*** Begin section ***

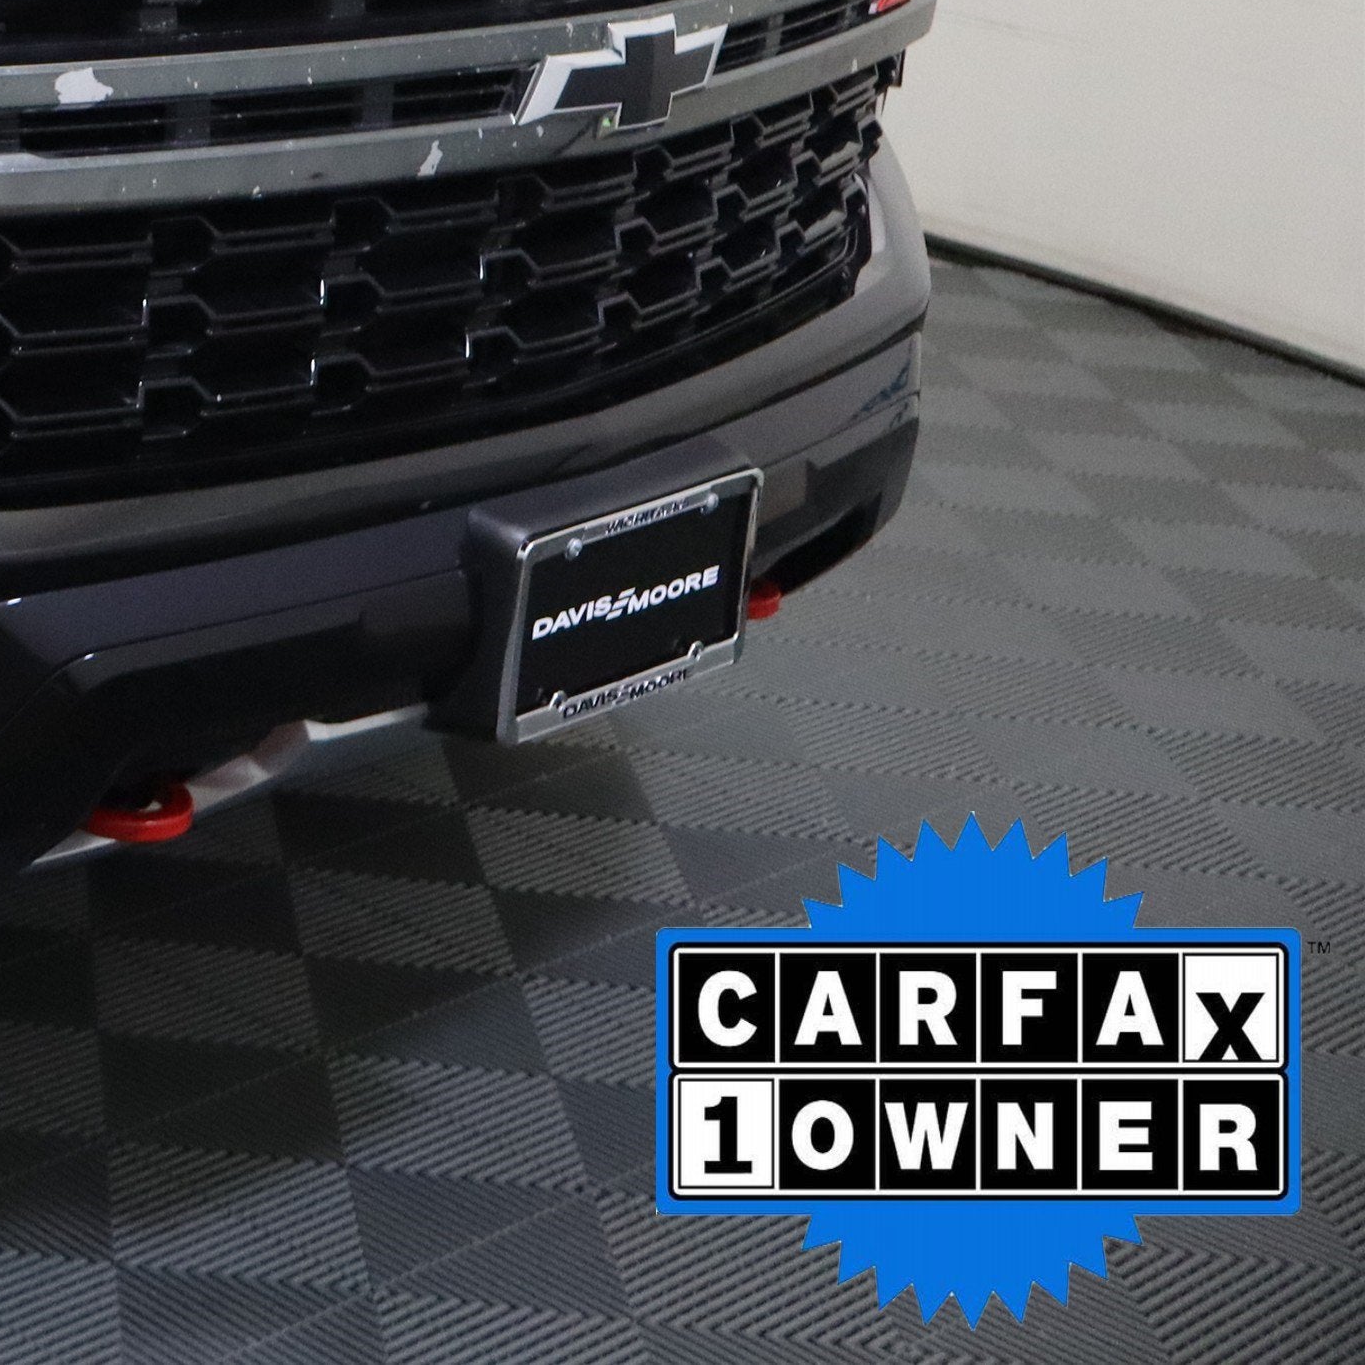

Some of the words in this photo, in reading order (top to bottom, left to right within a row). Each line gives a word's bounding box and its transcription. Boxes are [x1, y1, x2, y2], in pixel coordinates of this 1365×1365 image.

[531, 595, 613, 641] DAVIS
[627, 564, 721, 615] MOORE
[563, 689, 618, 719] DAVIS
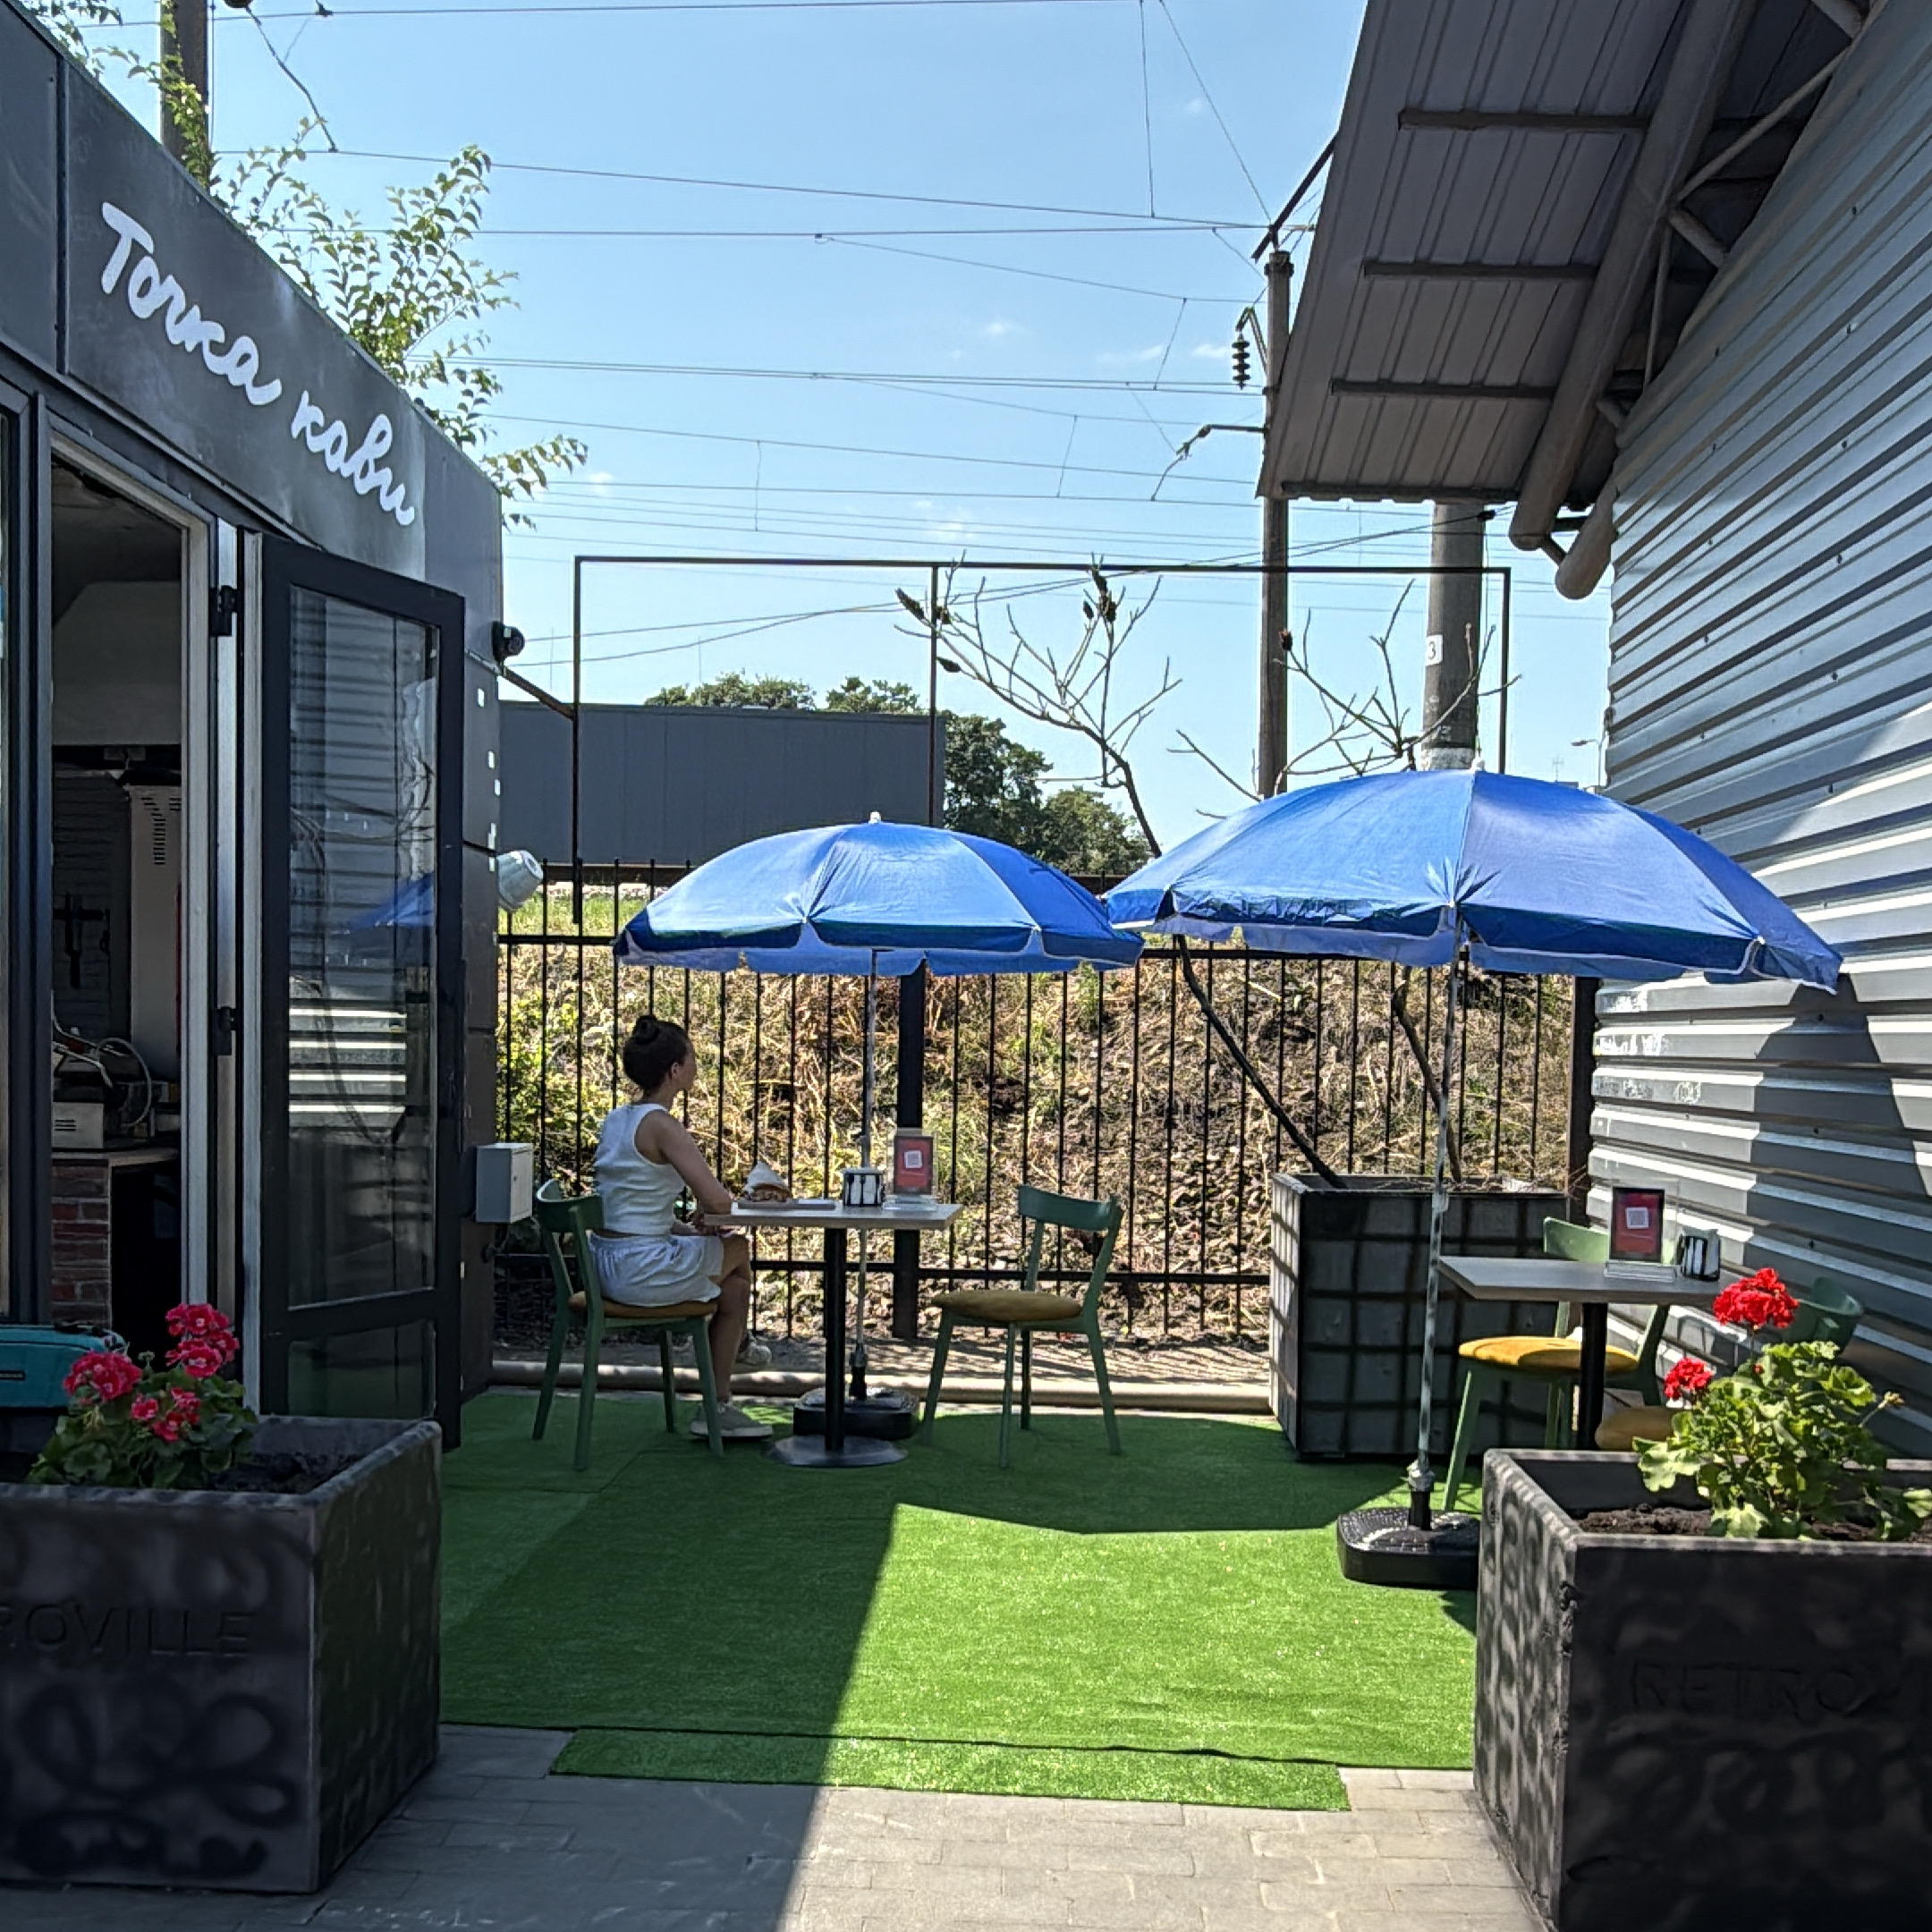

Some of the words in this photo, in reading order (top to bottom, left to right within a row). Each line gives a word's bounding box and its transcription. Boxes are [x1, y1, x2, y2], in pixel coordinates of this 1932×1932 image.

[101, 202, 283, 406] Точка
[291, 390, 415, 526] кави
[1428, 640, 1436, 660] 3

*** End section ***

About this task -
Pictures are to be left out; the listing above is otherwise to be copied exactly.

Completed task -
Some of the words in this photo, in reading order (top to bottom, left to right within a row). Each line gives a word's bounding box and its transcription. Boxes are [x1, y1, x2, y2], in pixel coordinates of this 1365×1365 image.

[531, 595, 613, 641] DAVIS
[627, 564, 721, 615] MOORE
[563, 689, 618, 719] DAVIS

Some of the words in this photo, in reading order (top to bottom, left to right within a row). Each line gives a word's bounding box and its transcription. Boxes are [x1, y1, x2, y2], in pixel coordinates of this 1932×1932 image.

[101, 202, 283, 406] Точка
[291, 390, 415, 526] кави
[1428, 640, 1436, 660] 3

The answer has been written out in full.